Alex Panton submits match reports on Peacehaven’s games. This week he prefaced his words with this message: “Loved the bit about the legendary Herbie Smith in the paper this week.

“Herbie was by all accounts an awesome player. I do remember seeing him make an unexpected appearance for Ringmer in a semi final against Burgess Hill in about 2002 and completely terrify their defence, despite then being about 45 and barely able to run...”

Another fan dug out some anonymous references gleaned from an exchange on the Nomad Sussex football site dating back half a decade: “For a while Herbie Smith was up there with Dalglish as my football hero after one of the old Brighton Centre five-a-side tournaments sometime in the early 80s.

“I think he was playing for Littlehampton but to my eight or nine-year-old eyes he won the competition pretty much on his own. I remember a Lewes v Whitehawk game when Herbie and Tony Flower went in for a 50/50 ball.

“It was late season and there was this huge cloud of dust. When it cleared they were eyeball to eyeball with neither prepared to back down.
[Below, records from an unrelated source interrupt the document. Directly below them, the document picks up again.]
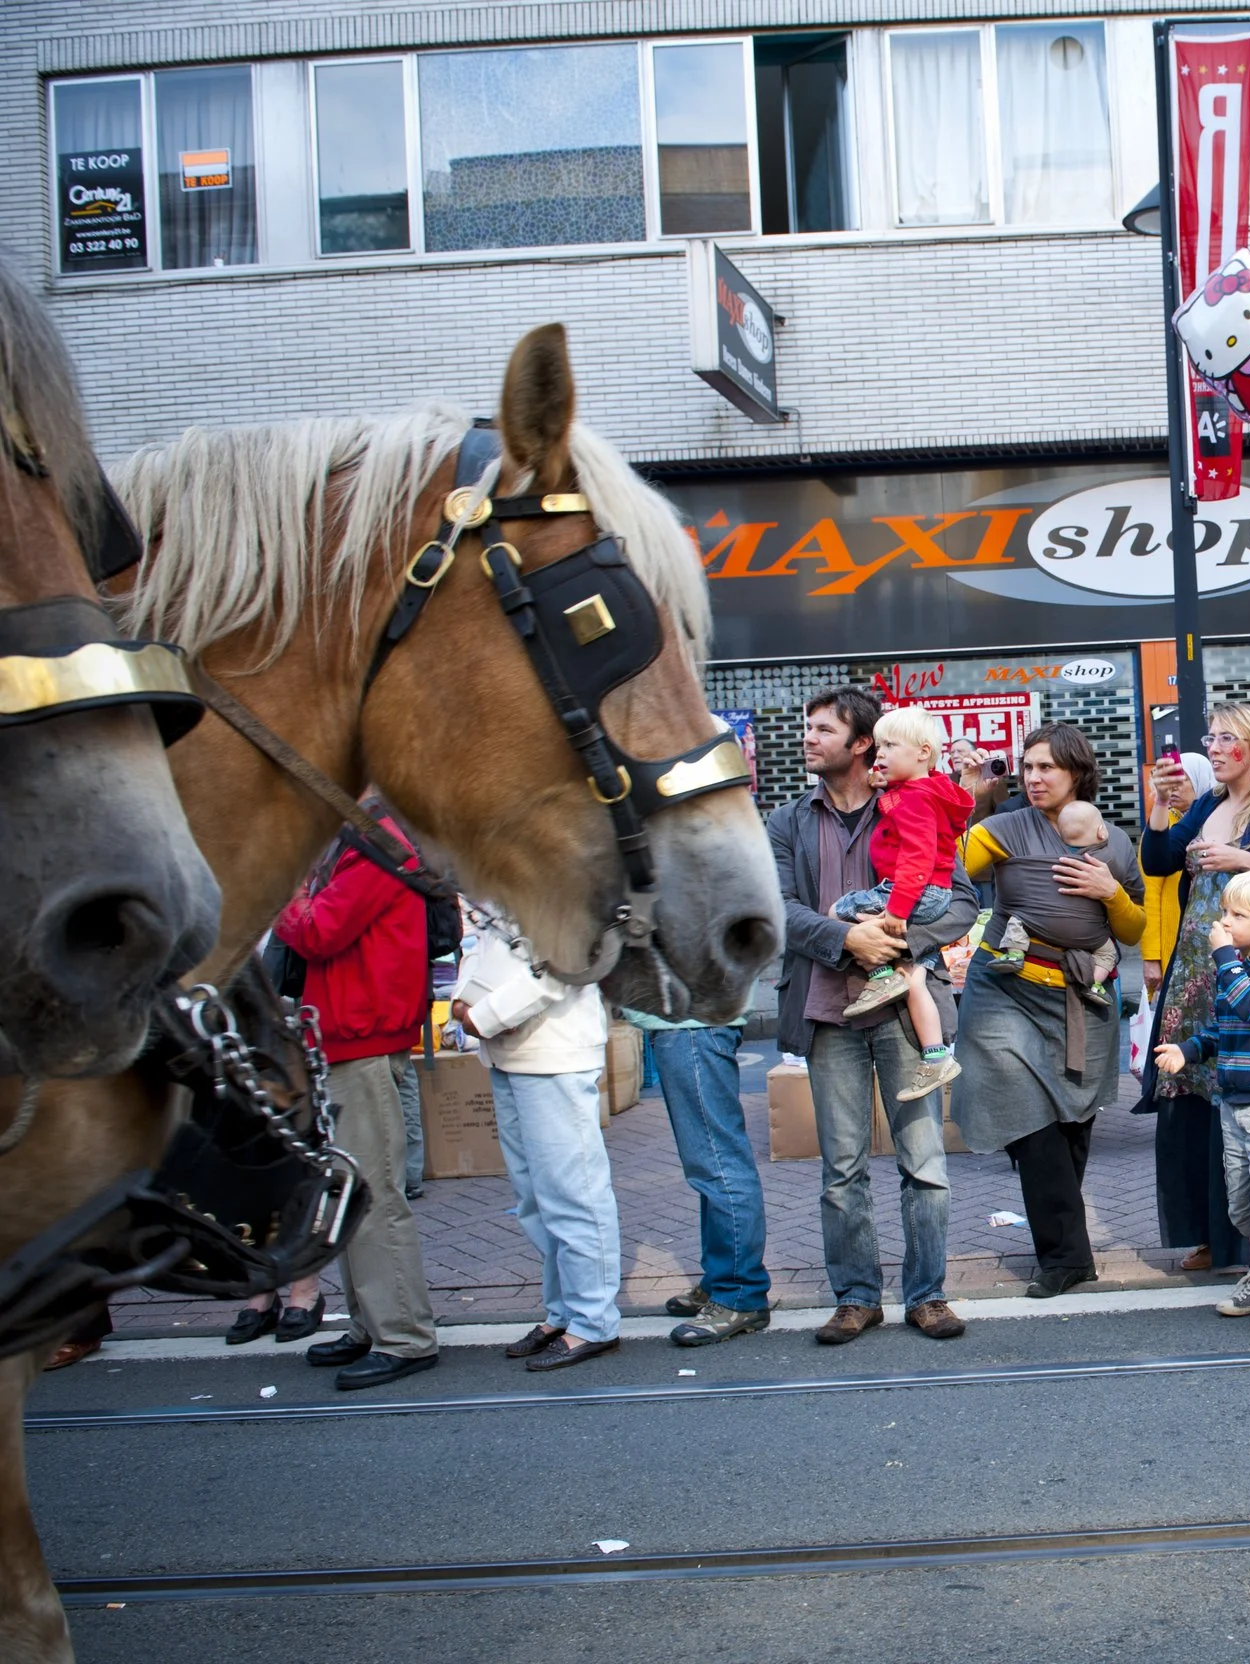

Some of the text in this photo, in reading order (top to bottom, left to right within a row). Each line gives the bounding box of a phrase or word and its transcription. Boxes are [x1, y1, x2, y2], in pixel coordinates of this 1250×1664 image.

[69, 153, 130, 171] TE KOOP
[184, 174, 228, 188] TE KOOP
[69, 237, 139, 253] 03 322 40 90
[744, 311, 769, 353] shop
[682, 507, 1034, 597] MAXI
[872, 663, 944, 706] New
[984, 663, 1114, 685] MAXI shop
[909, 699, 960, 709] LAATSTE
[963, 695, 1026, 707] AFPRIJZING
[930, 712, 1007, 743] ALE
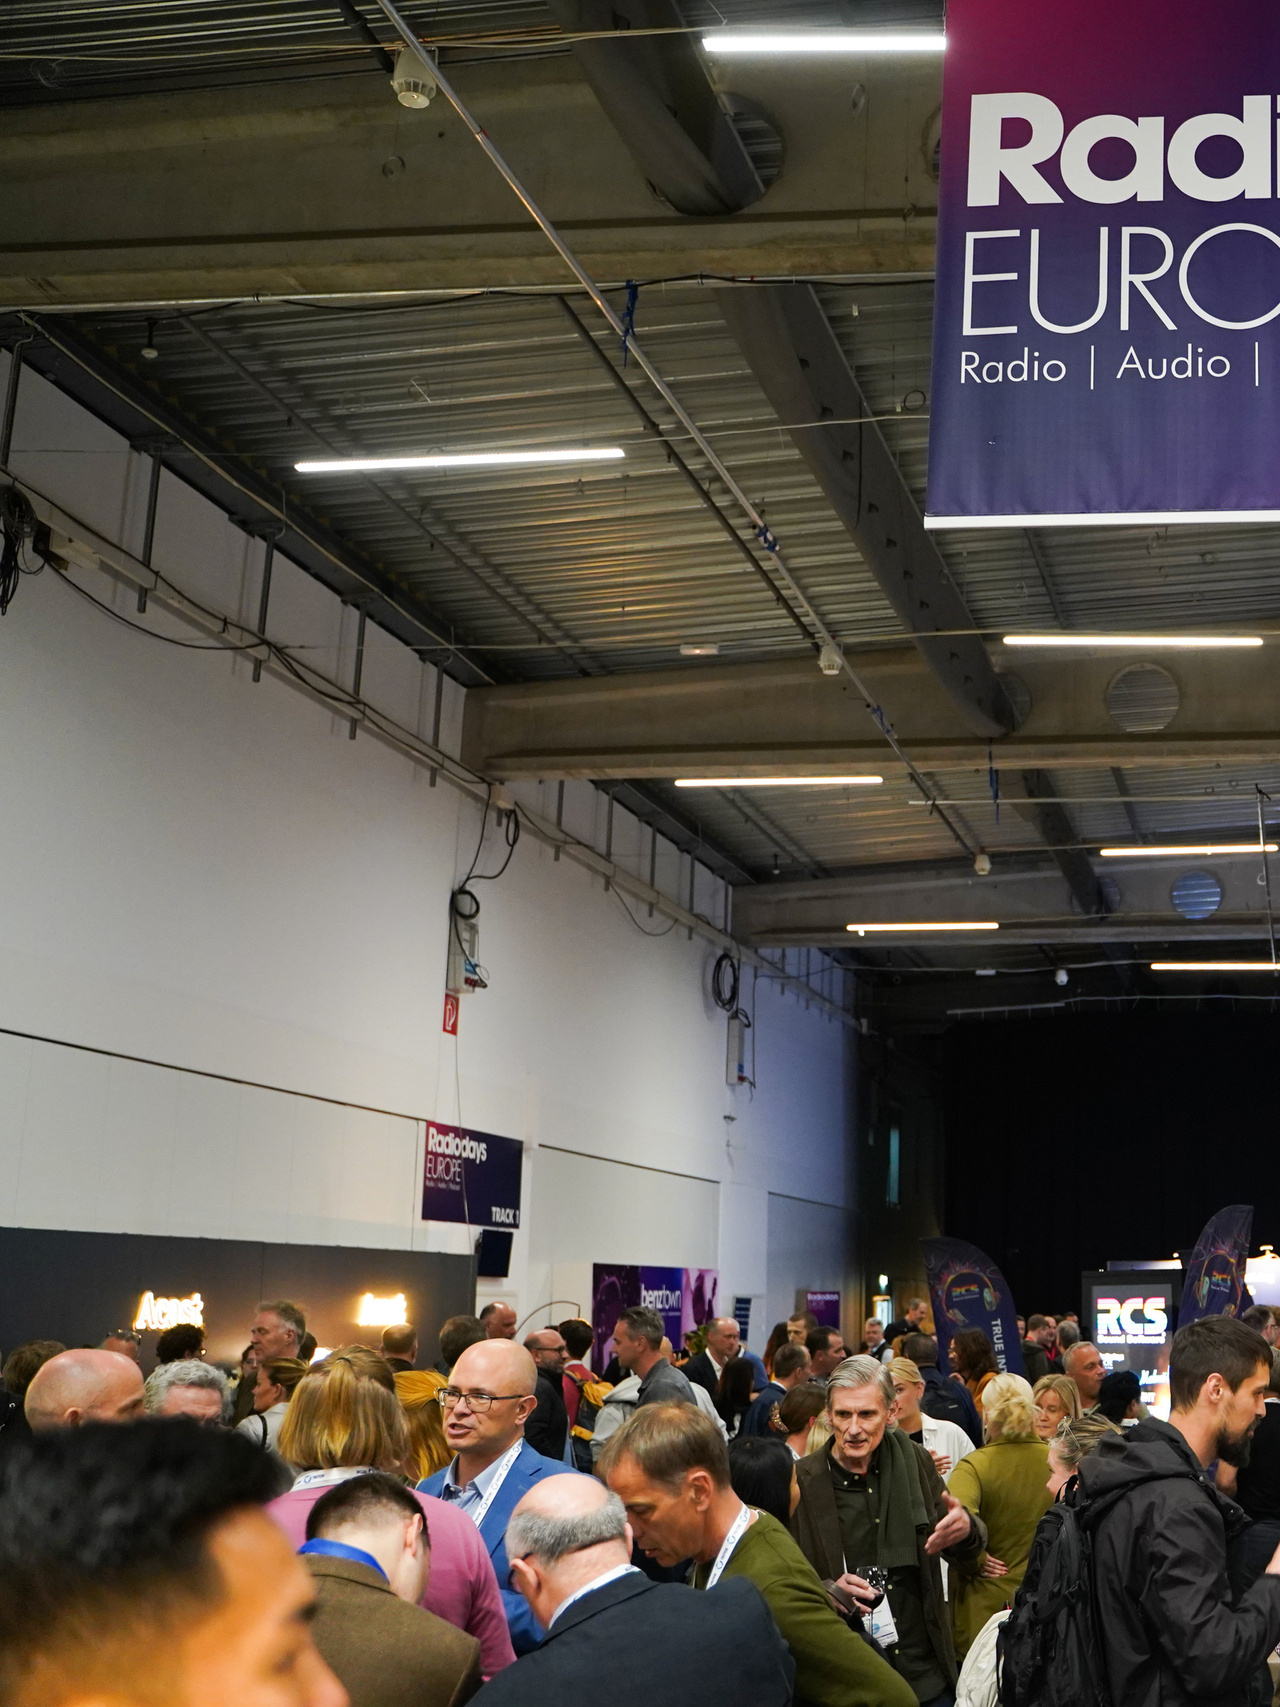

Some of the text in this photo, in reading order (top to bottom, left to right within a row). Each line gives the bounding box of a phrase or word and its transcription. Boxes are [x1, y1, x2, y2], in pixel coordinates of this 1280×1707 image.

[960, 345, 1067, 384] Radio
[1116, 345, 1231, 380] Audio
[427, 1126, 488, 1164] Radiodays
[426, 1155, 462, 1182] EUROPE
[491, 1206, 515, 1224] TRACK
[641, 1283, 682, 1309] benztown
[1096, 1297, 1168, 1335] RCS
[991, 1317, 1005, 1353] TRUE
It was a brave ref who got in between them.”

Another post, clearly from an ex-Rook, said: “Herbie Smith. What a legend! I’m still to see thighs like it... all oiled up and his shorts tucked into his pants! He must have been 6’2” and 15 stone and didn’t have an ounce of fat on him.

“I joined Lewes when I was 18 back in 1991 when they were top of Ryman One. Midfield then was Geardy, Jimmy Quinn and Rico. They were hard men.
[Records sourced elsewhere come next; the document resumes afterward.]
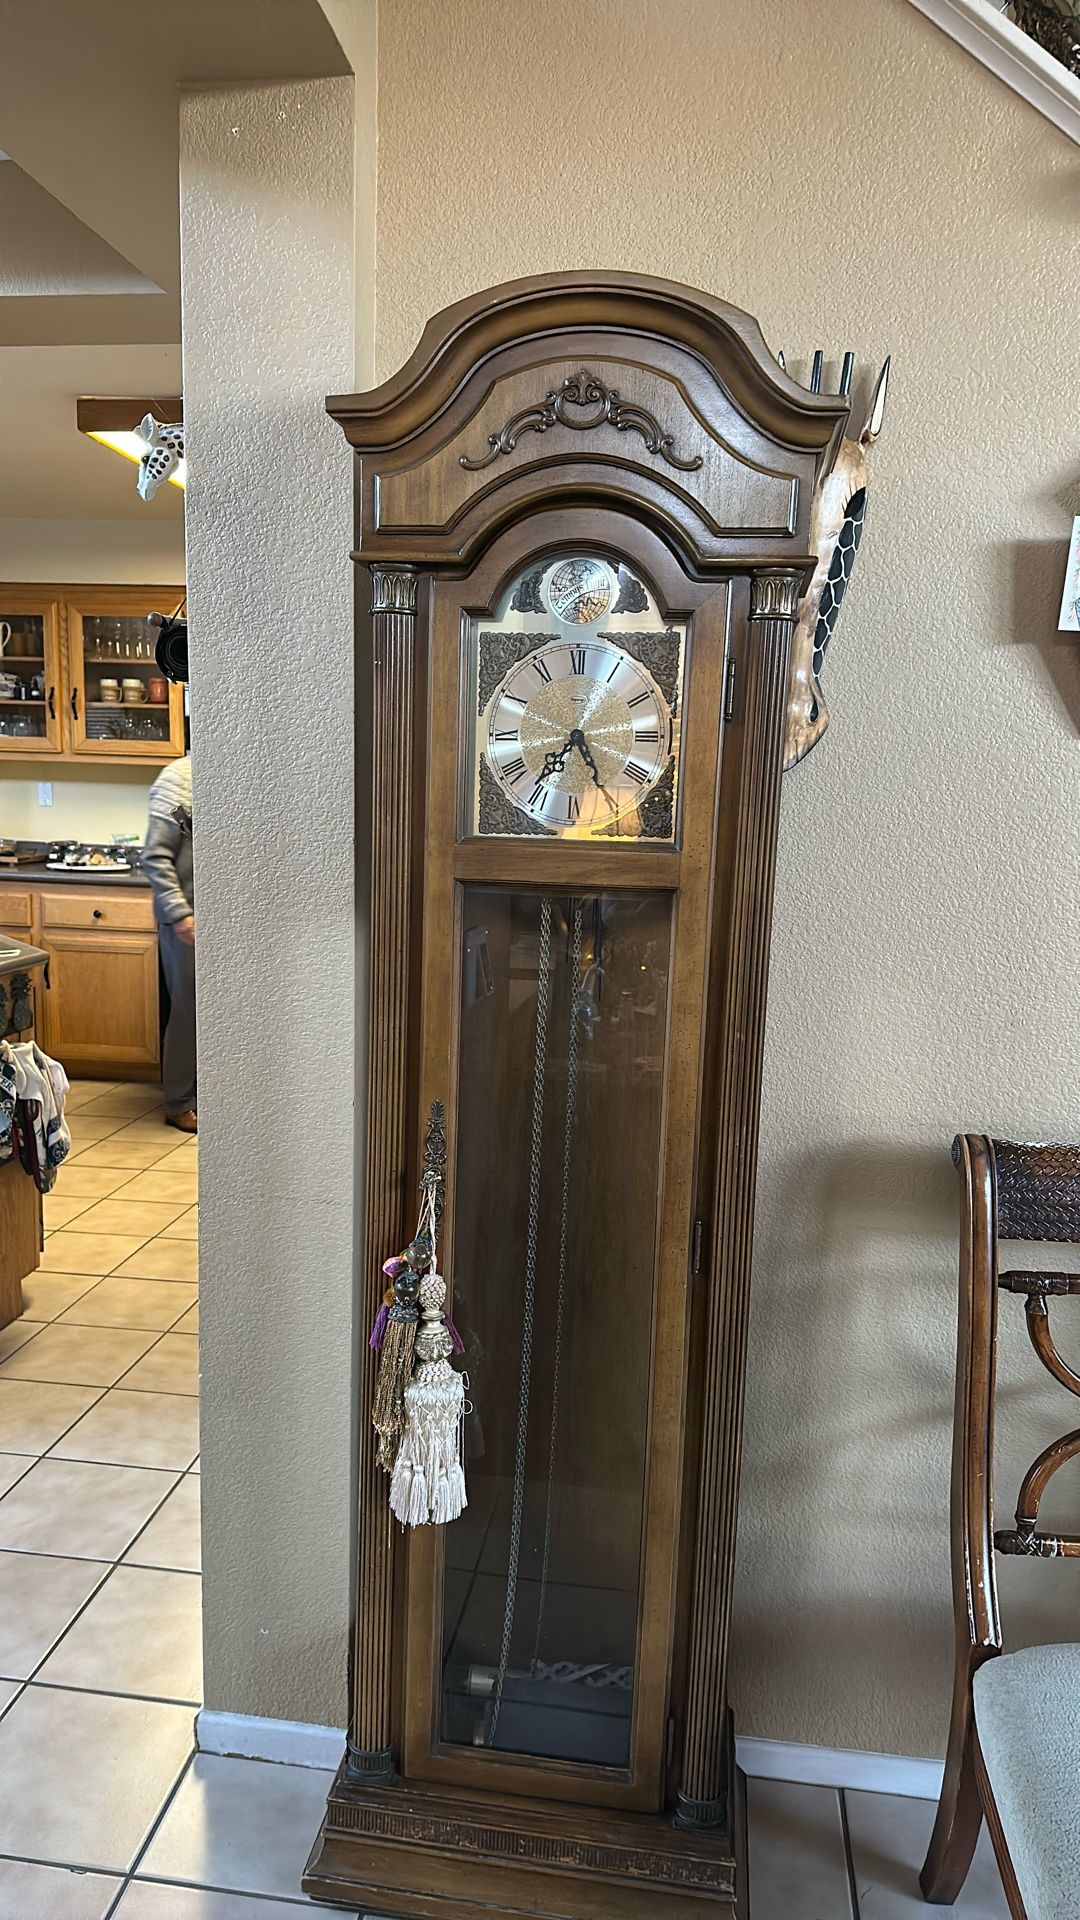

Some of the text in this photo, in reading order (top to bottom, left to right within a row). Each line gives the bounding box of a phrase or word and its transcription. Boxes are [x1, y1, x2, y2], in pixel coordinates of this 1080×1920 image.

[568, 650, 586, 675] XII
[606, 662, 620, 682] I
[504, 688, 528, 708] X
[627, 691, 649, 708] II
[494, 728, 518, 741] IX
[635, 731, 658, 742] III
[501, 757, 527, 785] VIII
[623, 761, 649, 785] IIII
[527, 783, 549, 811] VII
[567, 795, 580, 819] VI
“I was playing for the reserves with Paul Stokes, Paul Boxall and some other really good young players when we lost to a Worthing league side 4-1 in the cup. Me and Stokesey both got sent off for fighting. Anyway, when I got back to the Dripping Pan, I heard Chealer had been sent off in the First Team game and manager Sammy Donnelly had thrown a wobbly and was gunning for me because he’d heard I had also been sent off.
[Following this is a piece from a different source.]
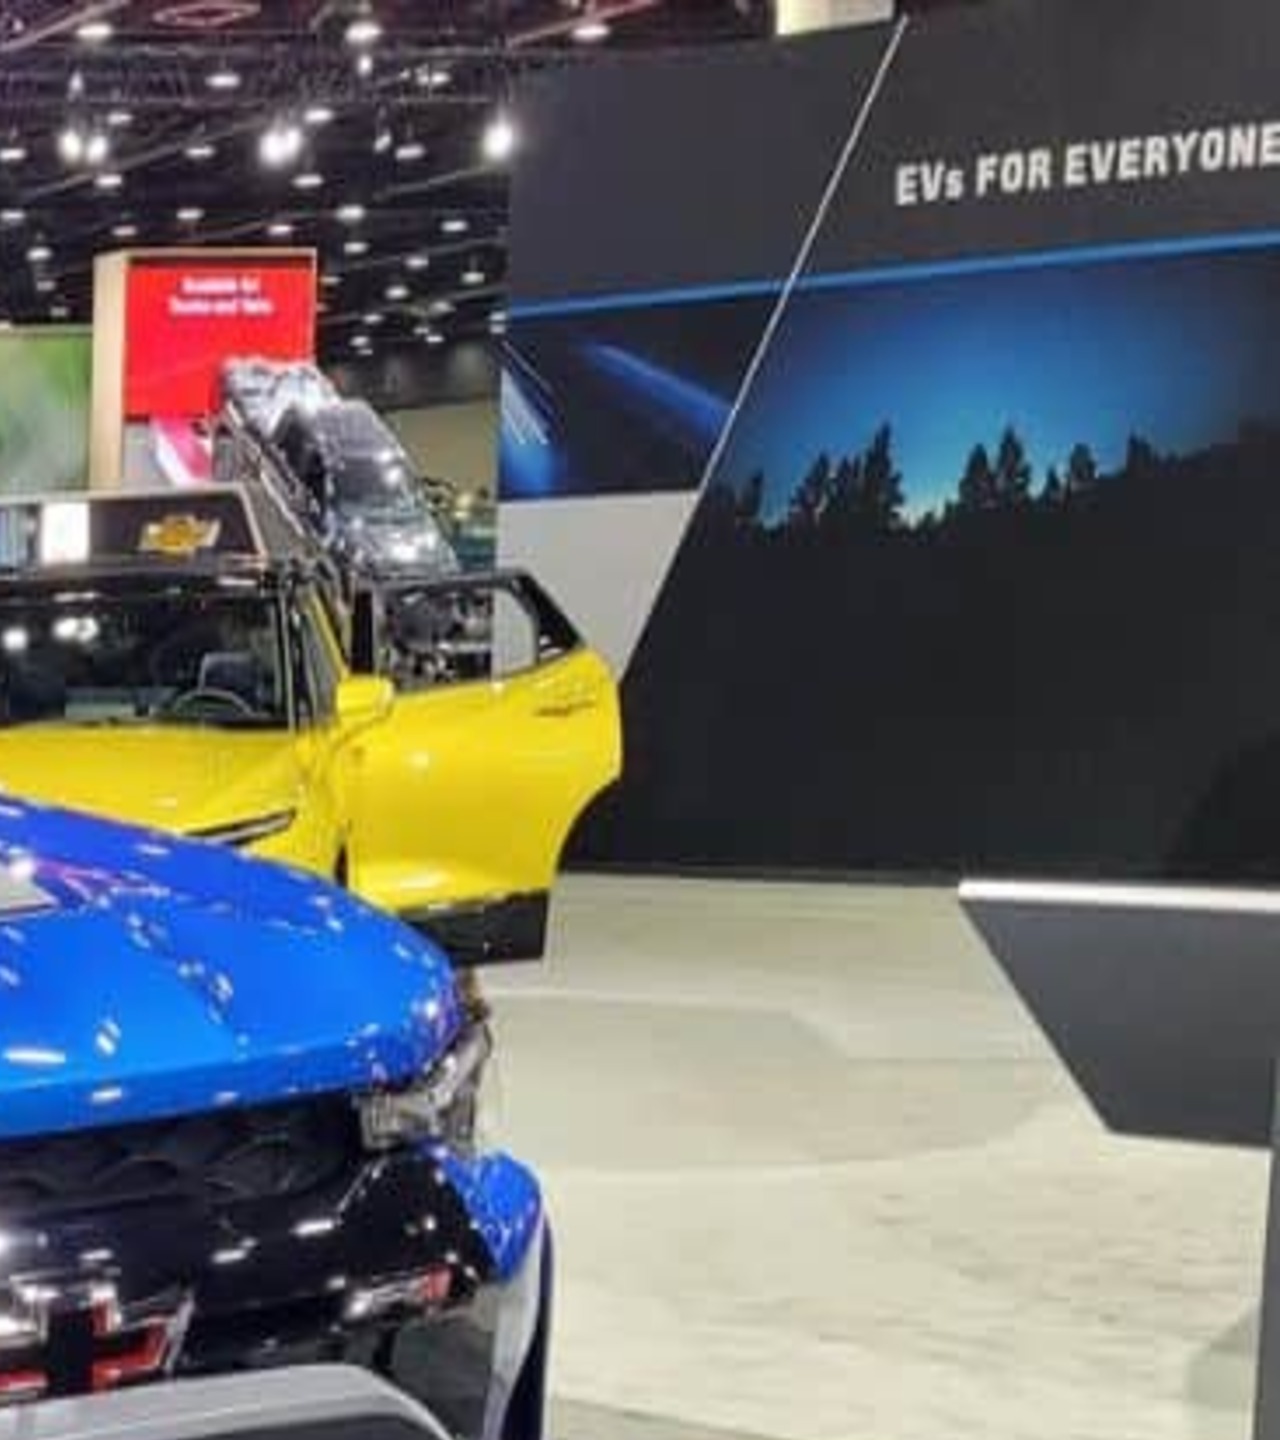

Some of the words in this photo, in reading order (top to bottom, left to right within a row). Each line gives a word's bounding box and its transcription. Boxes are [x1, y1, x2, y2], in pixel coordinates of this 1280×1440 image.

[896, 161, 964, 206] EVs
[976, 149, 1051, 197] FOR
[1063, 122, 1280, 186] EVERYONE
“At Lewes there are windows the whole length of the front of the clubhouse. As I started to walk past these windows I could sense this absolutely huge geezer (Herbie) staring at me the whole way. He had black sunglasses on and sported a mohican hairdo. He made Mr T look like Arnold out of Diff’rent Strokes!

“When I walked around the corner and opened the door, Herbie was standing there right in my way. He growled something like ‘What are you looking at boy?’ I was lost for words and pretty apprehensive, to say the least.

“Luckily for me, Sammy pulled him away and then introduced him as our new player. Sammy added that if I wanted to get sent off for fighting then he would be pleased to arrange a fight with this new guy! Herbie just looked over his glasses and growled!

“I played alongside him for a year or so afterwards and found him to be a nice guy who was actually a big softie. He was a cult hero with the kids.

“At Littlehampton one year I remember a whole crowd of youngsters chanting ‘Herbie, Herbie, Herbie’.